The Medieval Review 19.04.05

Antonsson, Haki. Damnation and Salvation in Old Norse Literature. Studies in Old Norse Literature. Woodbridge, UK: D.S.Brewer, 2018. pp. 272. ISBN: 978-1-84384-507-2 (hardback).

Reviewed by:
Ásdís Egilsdóttir
University of Iceland
asd@hi.is

There is no doubt that the hope of salvation and the fear of damnation are fundamental in the medieval world view. In the oldest version of Þorláks saga helga (early 13th century), it is said about St Þorlákr "that it seldom left his thoughts what will occur at the Day of Judgement." [1] Not surprising, when a holy bishop is concerned, a man who is supposed to act as a paradigm. Yet, Dr. Haki Antonsson has shown that the binary theme of salvation and damnation has influenced all Old Norse Saga-writing. In an article of 2012, Antonsson showed how salvation as a theme had shaped twelfth century Icelandic saga writing. [2] He takes the subject a step further in his new book, Damnation and Salvation in Old Norse Literature. Here, he examines how the binary theme of damnation and salvation interacts with the life-cycle, and argues how it has structured secular Saga literature and Old Norse Poetry.

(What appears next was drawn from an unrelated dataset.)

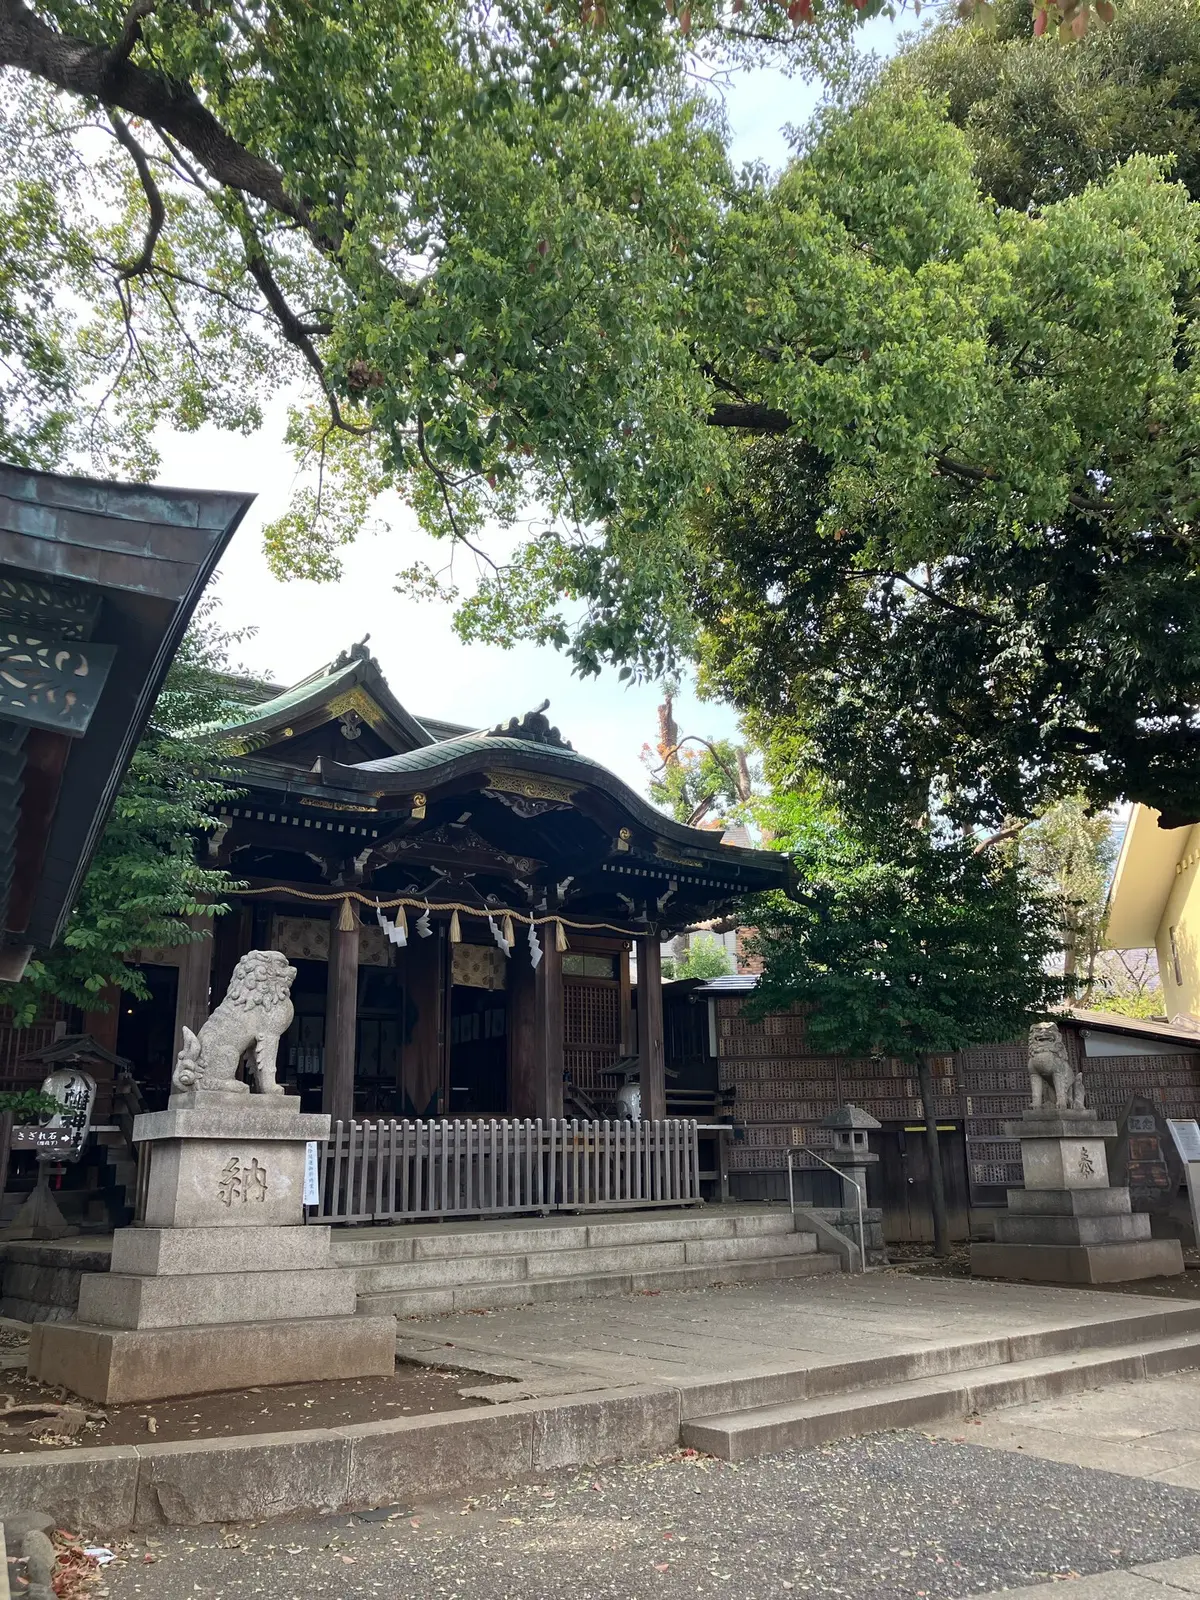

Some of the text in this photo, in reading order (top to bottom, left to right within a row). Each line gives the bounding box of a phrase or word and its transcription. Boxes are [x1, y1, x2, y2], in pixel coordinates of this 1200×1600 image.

[17, 1131, 57, 1141] さざれ石
[217, 1157, 268, 1207] 納

Scholars have been drawing attention to foreign and Christian motifs in Saga literature for a long time. Antonsson's strength lies in his contextualisation of Christian themes. The book is thematically arranged, with ample references and an analytic reading of Saga literature and Old Norse poetry. In his thorough Introduction, Antonsson explains his methods and approach. He emphasizes that although he identifies and demonstrates "recurring patterns of thoughts and expression within a specific textual corpus" (3), his aim is to analyze how the identified pattern plays out in individual works, and to avoid generalising. Understanding relevant details means recognising the overall literary and historical context. Although he humbly states that he does not "offer an inventory of texts of every Old Norse saga or poem" (2) that features the theme of damnation and salvation, he offers the reader a varied and broad choice of texts.

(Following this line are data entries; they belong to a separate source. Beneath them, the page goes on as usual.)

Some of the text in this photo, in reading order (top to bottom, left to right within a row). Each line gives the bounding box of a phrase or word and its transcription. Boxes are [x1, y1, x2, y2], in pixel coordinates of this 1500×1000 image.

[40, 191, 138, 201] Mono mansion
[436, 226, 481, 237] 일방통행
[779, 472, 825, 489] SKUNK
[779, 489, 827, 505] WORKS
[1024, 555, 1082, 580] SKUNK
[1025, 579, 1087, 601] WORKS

The binary theme is well illustrated with his analysis of Hemings þáttr (21). The following chapters are 1) Confession and Penance, 2) Life's Journey towards Salvation: Salvation and the Biographical Pattern, 3) Betrayal, 4) Outlaws and Marginal figures, 5) Salvation, Damnation, and the Visible World, 6) The Hour of Death, 7) Last things and Judgement Day, and concluding remarks. In "Confession and Penance," Antonsson analyses both prose texts and the penitential poems Sólarljóð, by an anonymous poet, and Harmsól, attributed to Gamli kanóki, translated by Antonsson as 'Old Canon.' I find it more plausable that Gamli is a nickname that turned into a personal name. Jón Gamlason, 'son of Gamli', was abbot in the monastery of Þingeyrar 1444-1448. At least three known priests in the 16th and 17th centuries carry the patronymic "Gamlason."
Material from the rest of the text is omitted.